Mubarak may be out by week’s end
Mubarak may be out by week’s end
An Egyptian court ordered the release of ousted President Hosni Mubarak as his lawyer told reporters that he may be out of prison by the end of the week.
The court gave the prosecution 48 hours to appeal the release order, but a judicial source at the general prosecutor’s office told Mada Masr that they may decide not to appeal, which means Mubarak could be out by Thursday after some procedural paperwork.
Earlier on Wednesday, a North Cairo misdemeanor appeals court accepted a petition for Mubarak’s release in a corruption case in which he stands accused of illegally receiving gifts worth millions of pounds on an annual basis from Al-Ahram state media institution, state news agency MENA reported.
This case was the last remaining legal grounds for his temporary detention, after courts ordered his release in three other cases, MENA reported.

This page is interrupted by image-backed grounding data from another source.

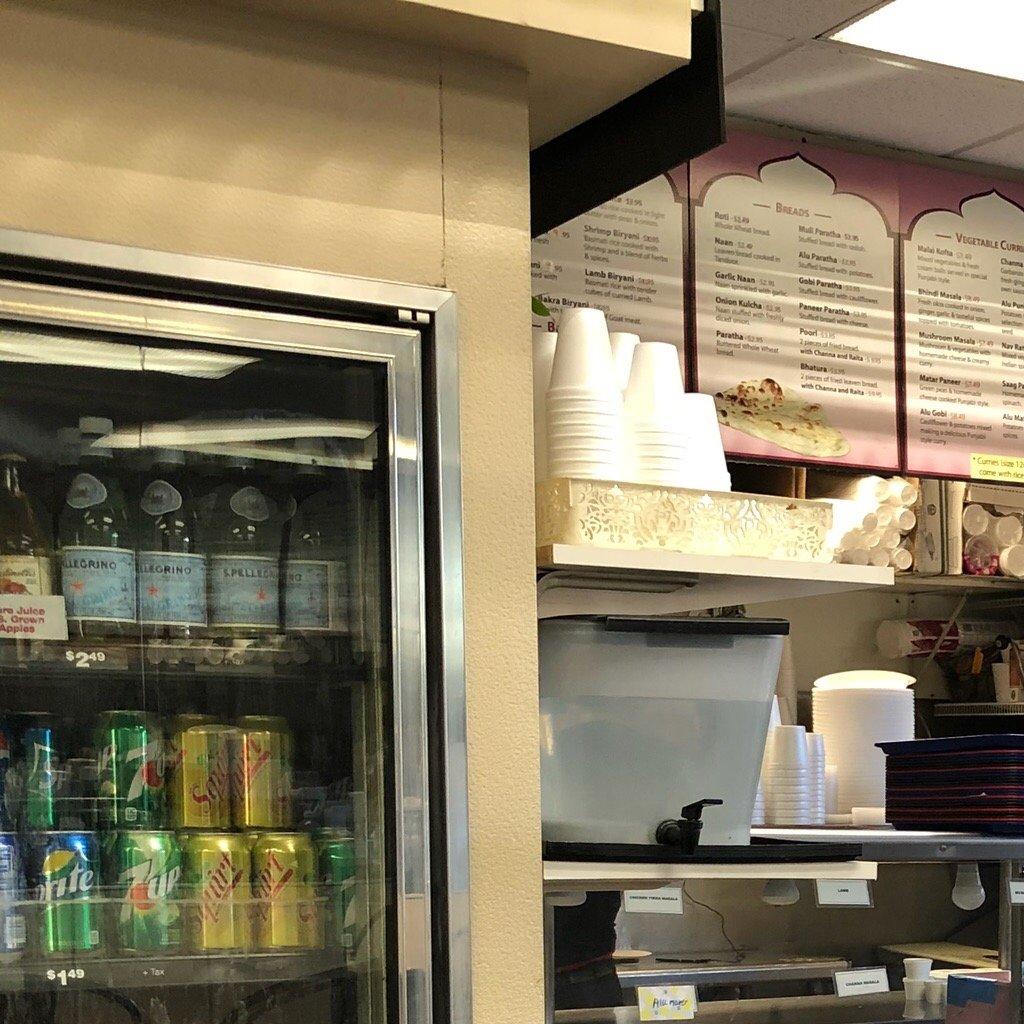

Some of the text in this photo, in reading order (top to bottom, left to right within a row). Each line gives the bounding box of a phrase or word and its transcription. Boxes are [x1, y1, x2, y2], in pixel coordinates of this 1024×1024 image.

[919, 331, 975, 346] Mushroom Masala
[977, 458, 999, 466] Curries
[979, 470, 996, 478] come
[998, 470, 1012, 478] with
[1013, 472, 1024, 480] rice
[17, 607, 45, 615] Juice
[11, 615, 45, 624] Grown
[0, 624, 35, 634] Apples
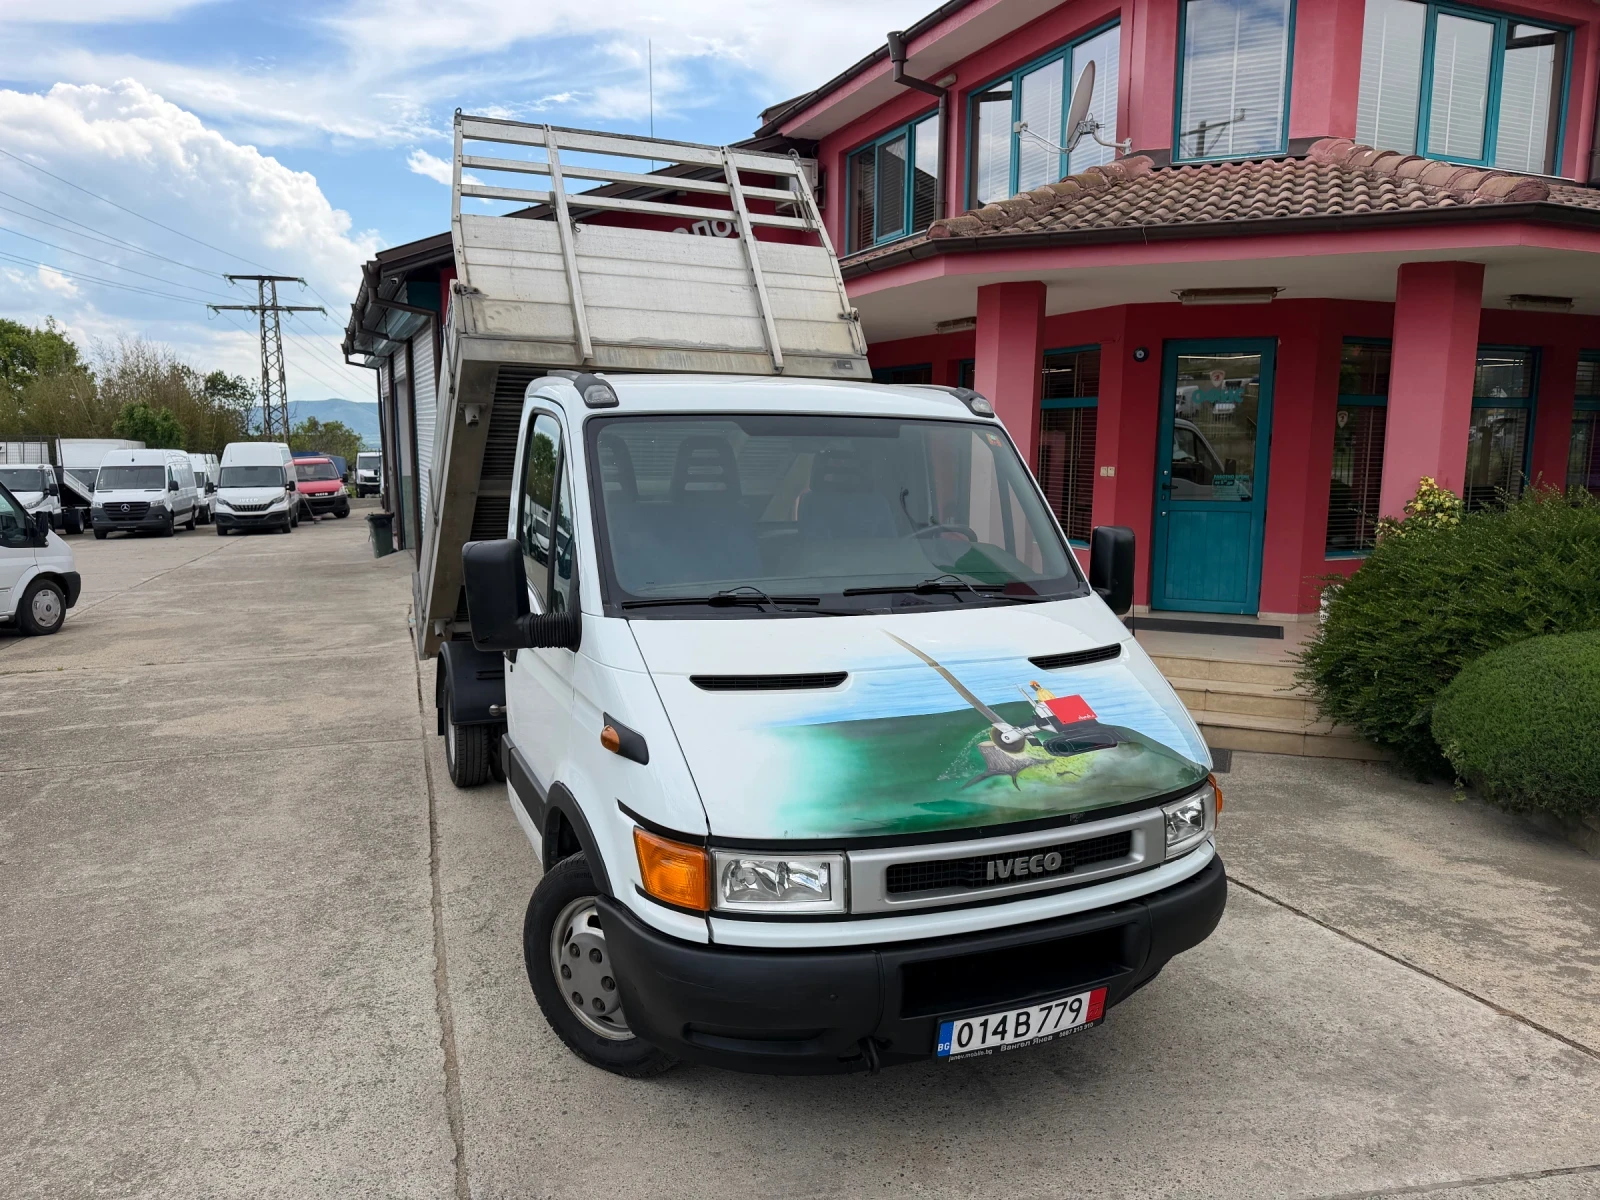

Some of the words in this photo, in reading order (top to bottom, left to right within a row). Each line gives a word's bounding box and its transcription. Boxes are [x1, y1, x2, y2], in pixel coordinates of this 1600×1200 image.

The ousted president is being retried on charges of ordering the killing of protesters during the 18-day popular uprising in 2011 that led to his removal by the Supreme Council of the Armed Forces. Since he has served the maximum amount of pre-trial detention permitted in this case, he can wait the retrial proceedings out of prison.
Last year, he was sentenced to life in prison for failing to prevent the killing of more than 800 protesters, and later a court accepted his appeal for retrial. He was being held at the Tora Prison hospital due to his medical condition.
The next hearing in the case regarding the killing of protesters is set for August 25.
Judges from the court had headed to Tora Prison early in the day to review the petition for Mubarak’s release two days after North Cairo criminal court’s decision ordering Mubarak’s release while keeping his two sons, Alaa and Gamal, in detention on corruption charges in the presidential palace case.
Ahmed Ezzat, a lawyer at the Association for Freedom of Though and Expression, explained that Mubarak had completed the maximum duration of temporary detention in all cases, which is two years for the killing protesters case, six months for the corruption charges and three months for the Al-Ahram gifts case.
Ezzat said that the most important of these cases is the killing of protesters, for which the proceedings have been lagging recently and the general prosecution, Ezzat says, has long been reluctant to submit evidence that incriminates Mubarak.
He is concerned that due to the current political developments, political factions currently being demonized, including the Muslim Brotherhood, may end up being wrongly incriminated in these politicized cases.
Mohamed Morsi, who came to power as the first elected civilian president after Mubarak’s ouster, was deposed by the army as mass protests demanded he step down after one year in office.
He is currently being detained pending investigation into charges of espionage, killing of protesters during the 2012 presidential palace protests, as well as the opening of the Wadi al-Natrun prison during the 2011 uprising.
Yasser al-Hawary, official spokesperson of the Free Egyptians Party, is unsurprised by the release order since Mubarak should have been tried in a political case, and not on charges of illegally owning property and receiving gifts from Al-Ahram, since these insignificant cases are mired in legal loopholes, he said.
“None of the governments that have been in place since Mubarak’s trial have done anything to implement transitional justice laws and measures,” he said. “In the killing of protesters case, all the evidence is in general intelligence and state security so it will not be submitted.”
The Coalition of National Revolutionary Forces said this was a catastrophe for the January 25 revolution, adding that Mubarak should have been tried on charges related to decades of political corruption.